Having counted our control variables, we look for differentiable and invertible utility functions which are separable in the dynamic programming problem, such as in Section 2 of the paper, or differentiable and invertible functions in the transition, as in Section 3 of the paper.

1.1Separable utility functions¶

In Section 2, we have additively separable utility of consumption and leisure, which allows for each of these control variables to be handled by separate subproblems. So, it makes sense to split the utility between subproblems and attach one to the consumption subproblem and one to the leisure subproblem.

As mentioned in that section, however, there are only two separable utility functions in the problem which have been assigned to two subproblems already. This leaves one control variable without a separable utility function. In that case, there is not another Endogenous Grid Method step to exploit, and this subproblem has to be handled by standard convex optimization techniques such as maximization of the value function (VFI) or finding the root of the Euler equation (PFI).

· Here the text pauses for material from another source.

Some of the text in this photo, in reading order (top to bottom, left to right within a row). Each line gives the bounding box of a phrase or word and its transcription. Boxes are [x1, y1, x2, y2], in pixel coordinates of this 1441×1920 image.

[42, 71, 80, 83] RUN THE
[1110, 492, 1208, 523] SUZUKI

Now that we have split the problem into conceptual subproblems, it is important to sequence them in such a way that they don’t become more complex than the original problem. The key here is to avoid adding unnecessary state variables. For example, in the consumption-leisure-portfolio problem, if we were to choose consumption first, we would have to track the wage rate into the following leisure subproblem. This would mean that our consumption problem would be two-dimensional as well as our labor decision problem. As presented, the choice of order in Section 2 ensures that the consumption problem is one-dimensional, as we can shed the information about the wage rate offer after the agent has made their labor-leisure decision. If we did this the other way, the problem would be more complex and require additional computational resources.

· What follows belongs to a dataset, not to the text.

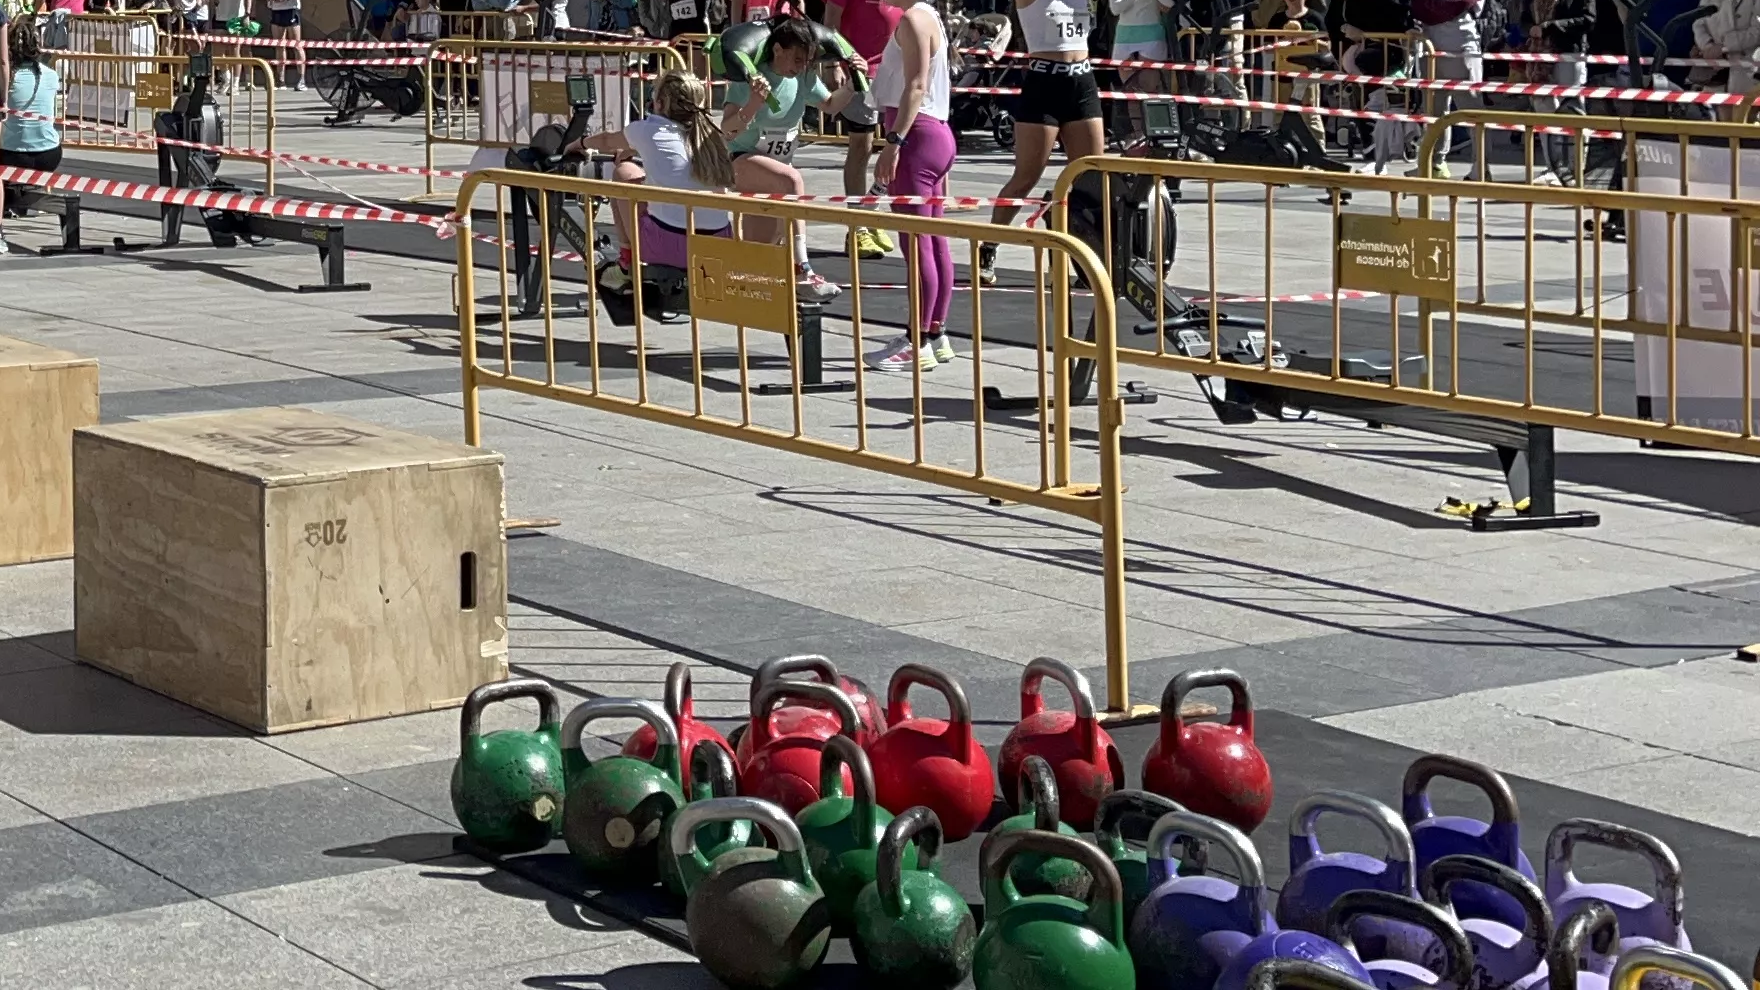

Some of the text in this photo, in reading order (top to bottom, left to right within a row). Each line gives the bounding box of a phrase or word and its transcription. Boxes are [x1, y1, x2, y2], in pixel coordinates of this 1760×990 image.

[1056, 22, 1084, 38] 154
[1051, 59, 1091, 77] PRO
[766, 140, 792, 156] 153
[322, 518, 348, 546] 20

The consumption subproblem would be two-dimensional instead of one-dimensional, adding more complexity,

\begin{split} \vFunc(\bRat, \tShkEmp) & = \max_{\cRat} \uFunc(\cRat) + \vOpt(\bRat', \tShkEmp) \\ & \text{s.t.}\\ \bRat' & = \bRat - \cRat \ge - \tShkEmp \end{split}

(1)

while the labor-leisure subproblem would have an additional constraint

\begin{split} \vOpt(\bRat', \tShkEmp) & = \max_{\leisure} \h(\leisure) + \vEnd(\aRat) \\ & \text{s.t.} \\ 0 & \le \leisure \le 1 \\ \aRat & = \bRat' + \tShkEmp(1 - \leisure) \ge 0. \end{split}

(2)

Therefore, strategic ordering of subproblems can greatly simplify the solution process and reduce computational the burden.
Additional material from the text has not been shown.